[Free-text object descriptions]
● ● ● ● ● ● ●
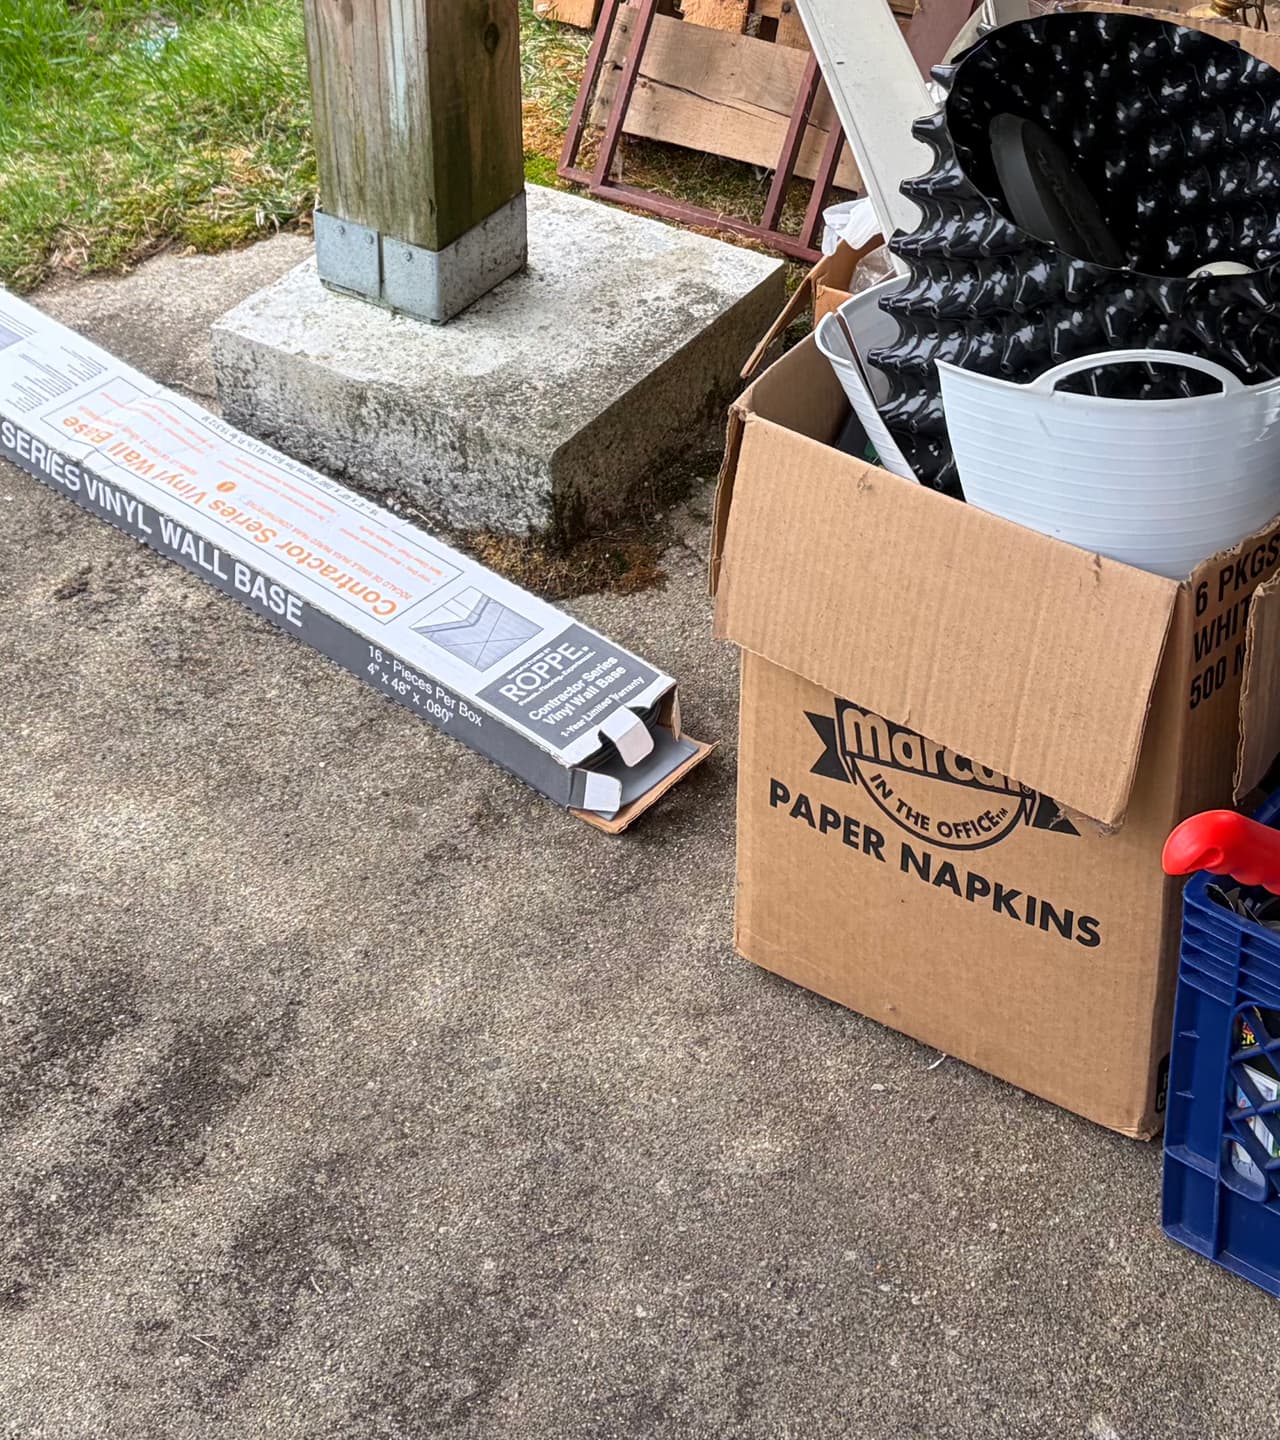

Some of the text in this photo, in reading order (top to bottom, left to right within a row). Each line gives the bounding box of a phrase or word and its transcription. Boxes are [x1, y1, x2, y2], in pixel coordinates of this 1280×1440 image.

[63, 416, 113, 443] Base
[107, 442, 156, 475] Wall
[152, 469, 208, 506] Vinyl
[1, 422, 81, 491] SERIES
[84, 473, 152, 534] VINYL
[159, 516, 228, 580] WALL
[235, 562, 303, 627] BASE
[208, 499, 277, 543] Series
[275, 541, 397, 616] Contractor
[1195, 581, 1209, 617] 6
[1194, 592, 1252, 663] WHIT
[369, 646, 383, 662] 16
[393, 660, 433, 695] Pieces
[436, 687, 456, 709] Per
[459, 703, 483, 727] Box
[381, 672, 389, 685] x
[412, 692, 420, 705] x
[528, 657, 618, 720] Contractor Series
[542, 666, 626, 725] Vinyl Wall Base
[560, 675, 645, 738] 1-Year Limited Warranty
[1190, 656, 1227, 709] 500
[870, 773, 894, 800] IN
[896, 798, 931, 832] THE
[770, 778, 1102, 948] PAPER NAPKINS
● ● ● ● ● ● ●
◆ EXERCISE AIM:
No picture belongs in the answer, but every word of the records above does, exactly as given.

◆ ANSWER TO THIS TASK:
Some of the text in this photo, in reading order (top to bottom, left to right within a row). Each line gives the bounding box of a phrase or word and its transcription. Boxes are [x1, y1, x2, y2], in pixel coordinates of this 1280×1440 image.

[63, 416, 113, 443] Base
[107, 442, 156, 475] Wall
[152, 469, 208, 506] Vinyl
[1, 422, 81, 491] SERIES
[84, 473, 152, 534] VINYL
[159, 516, 228, 580] WALL
[235, 562, 303, 627] BASE
[208, 499, 277, 543] Series
[275, 541, 397, 616] Contractor
[1195, 581, 1209, 617] 6
[1194, 592, 1252, 663] WHIT
[369, 646, 383, 662] 16
[393, 660, 433, 695] Pieces
[436, 687, 456, 709] Per
[459, 703, 483, 727] Box
[381, 672, 389, 685] x
[412, 692, 420, 705] x
[528, 657, 618, 720] Contractor Series
[542, 666, 626, 725] Vinyl Wall Base
[560, 675, 645, 738] 1-Year Limited Warranty
[1190, 656, 1227, 709] 500
[870, 773, 894, 800] IN
[896, 798, 931, 832] THE
[770, 778, 1102, 948] PAPER NAPKINS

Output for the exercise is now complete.